Cholesterol-ester prevents lipoprotein core from solidifying: Molecular dynamics simulation.

Abstract

As an important part of lipid metabolism the liver produces large particles called very low density lipoproteins, filled mostly with triglyceride and cholesterol esters mixture. A large percentage of the mixture composition components has a melting point above physiological temperature. Thus solid cluster formation or phase transition could be expected. Though various single-component triglyceride systems are well researched both experimentally and by various simulation techniques, to our best knowledge, tripalmitin/cholesteryl-palmitate binary mixture was not yet studied. We study tripalmitin single component system, as well as 20%-80% and 50%-50% binary mixtures of cholesteryl-palmitate and tripalmitin using molecular dynamics approach.

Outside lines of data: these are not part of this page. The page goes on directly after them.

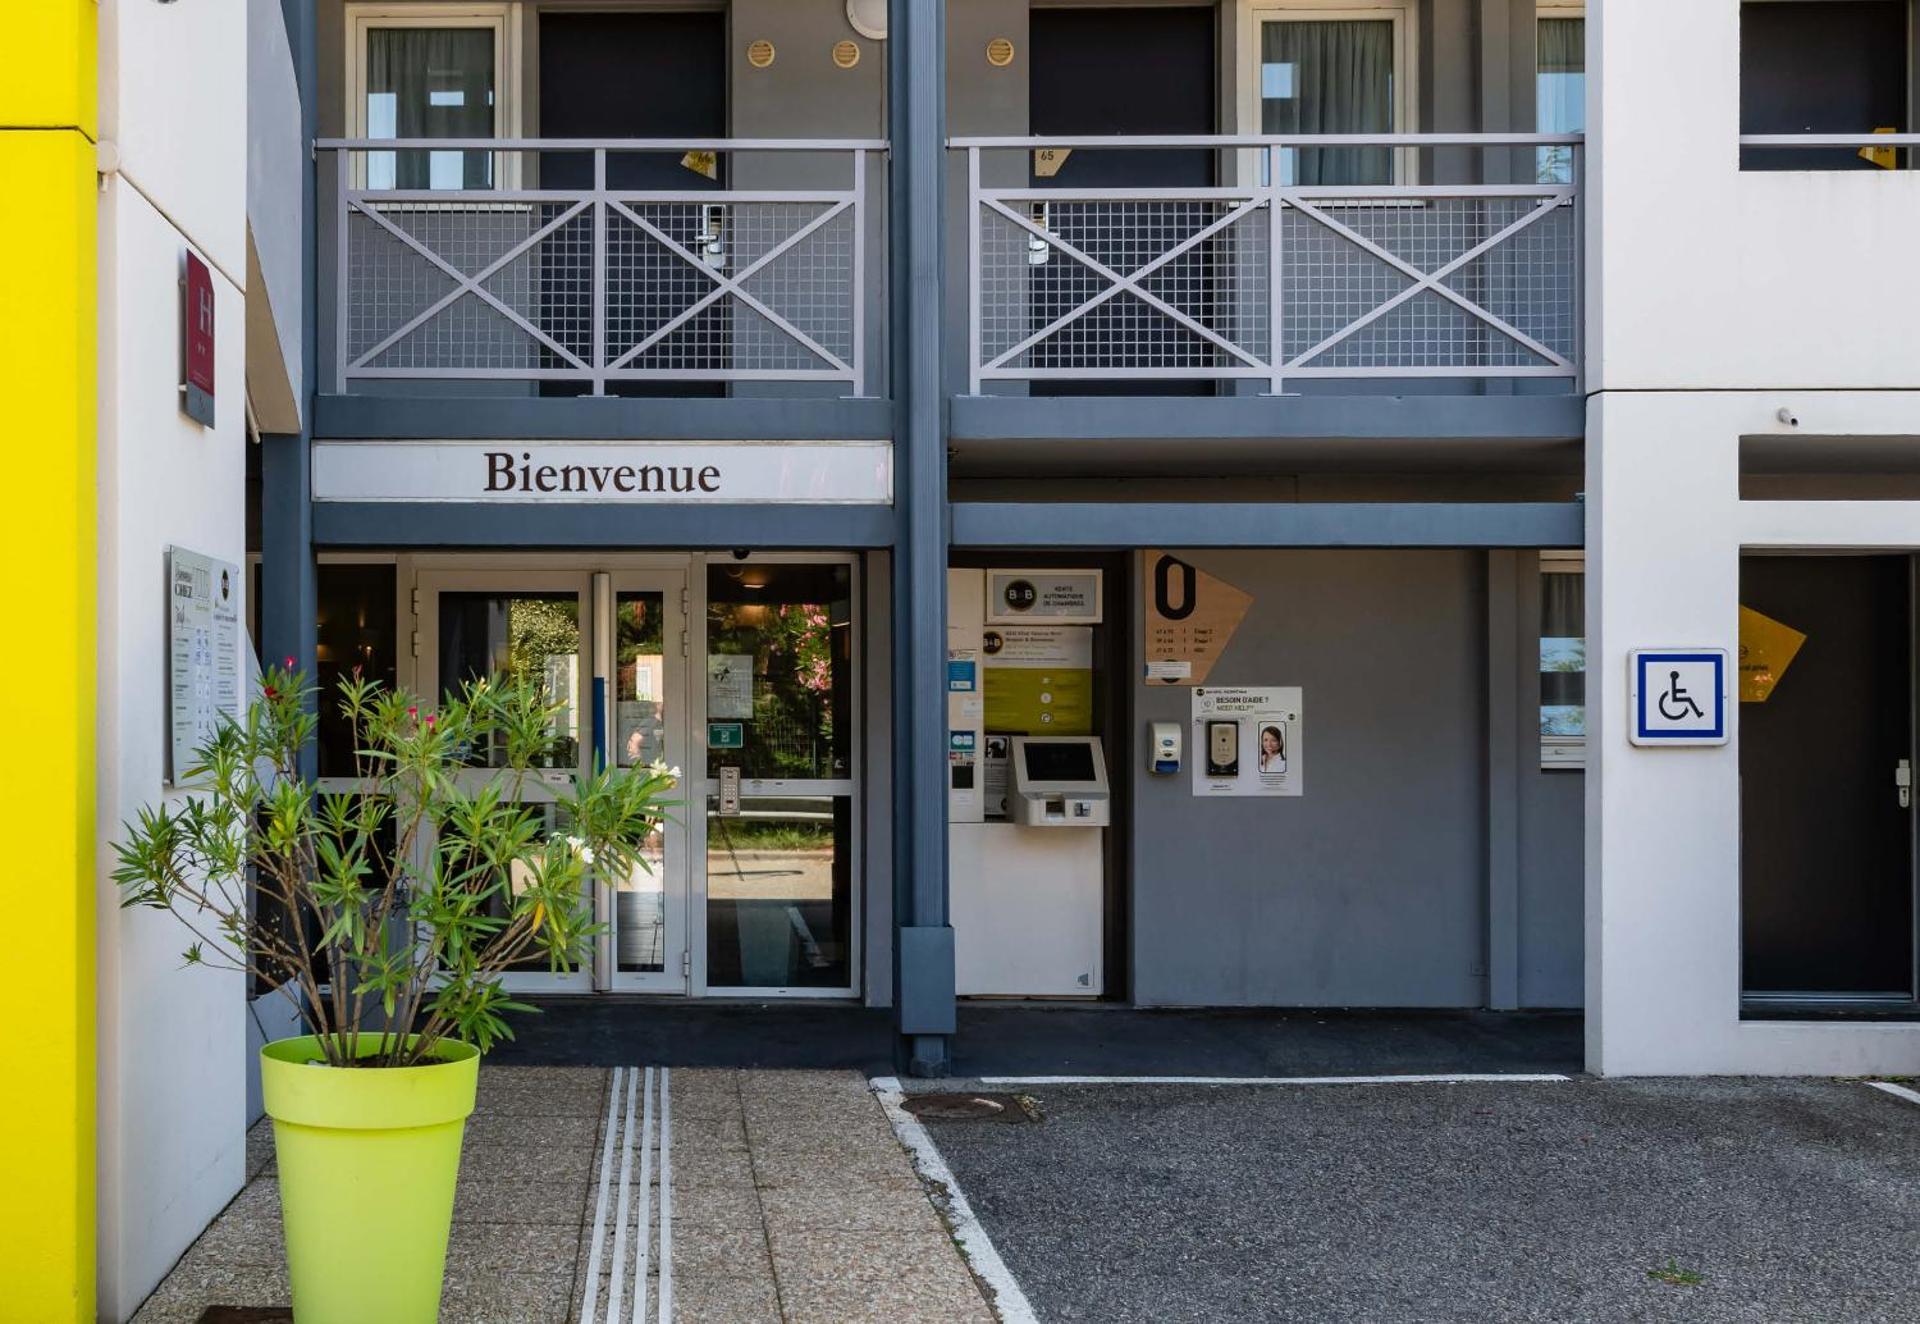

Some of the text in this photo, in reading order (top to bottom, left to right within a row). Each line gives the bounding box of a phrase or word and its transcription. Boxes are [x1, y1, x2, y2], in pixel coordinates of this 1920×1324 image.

[1041, 150, 1054, 161] 65
[199, 286, 212, 338] H
[483, 452, 721, 492] Bienvenue
[1216, 696, 1241, 704] BESOIN
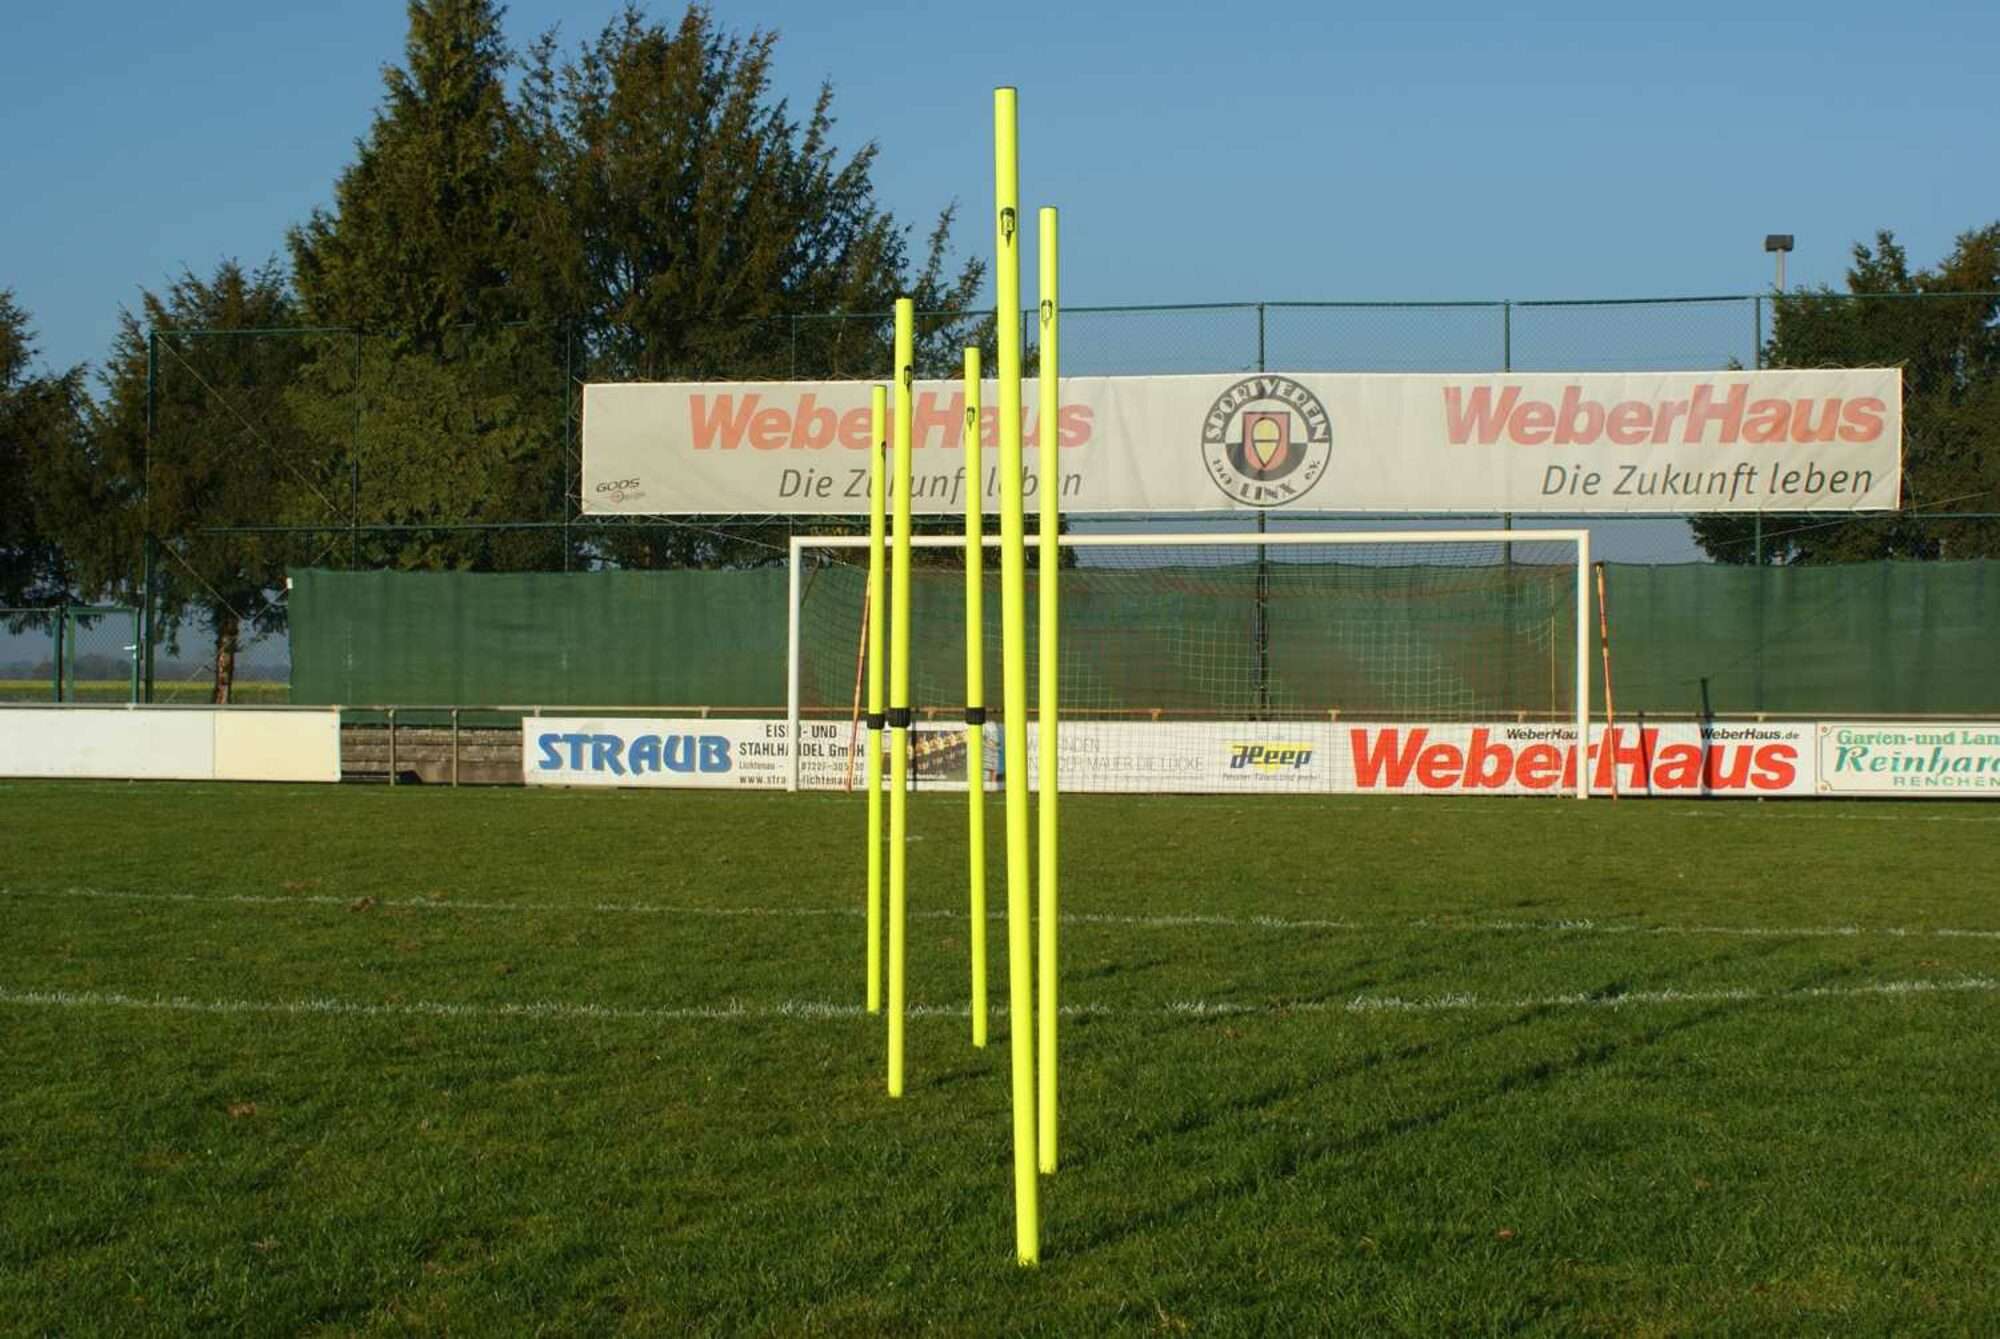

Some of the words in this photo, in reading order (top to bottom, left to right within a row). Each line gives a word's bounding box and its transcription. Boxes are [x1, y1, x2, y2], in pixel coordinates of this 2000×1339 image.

[690, 392, 1095, 451] WebeHaus
[1205, 377, 1329, 441] SPORTVEREIN
[1443, 383, 1887, 446] WeberHaus
[780, 468, 833, 498] Die
[844, 466, 977, 505] Zunf
[986, 466, 1082, 498] lbn
[1240, 483, 1297, 501] LINX
[1541, 465, 1602, 496] Die
[1613, 462, 1759, 501] Zukunft
[1769, 462, 1873, 494] leben
[739, 742, 825, 757] STAHLHDEL
[828, 743, 865, 757] GmH
[811, 724, 837, 738] UND
[1507, 728, 1587, 739] WeberHau
[1700, 727, 1800, 740] WeberHaus.de
[1837, 730, 1955, 745] Garten-und
[537, 732, 734, 777] STRAUB
[1349, 727, 1799, 791] WeberHaus

All systems are studied at the pressure of 1 atm and the physiological temperature of 310 K, which is below the melting points of both tripalmitin and cholesteryl-palmitate. Our results show that at the time of 1000 ns, there is still no phase transition, but there is a noticeable tendency to intermolecular organizing and early signs of clustering. We check fatty acid arrangements of tripalmitin molecules in both single component system and binary mixtures with two different percentages of cholesteryl-palmitate mixed in. Our results show that the more cholesteryl-palmitate molecules are in the mixture the smaller number of tripalmitin molecules transitions to 'a fork/chair' configuration during the same calculation time. Calculated angle distributions between fatty acid chains of tripalmitin molecules confirm that. Thus, our simulation results suggest slowing down or interfering effect of cholesteryl-palmitate on the crystallizing process of the binary mixture.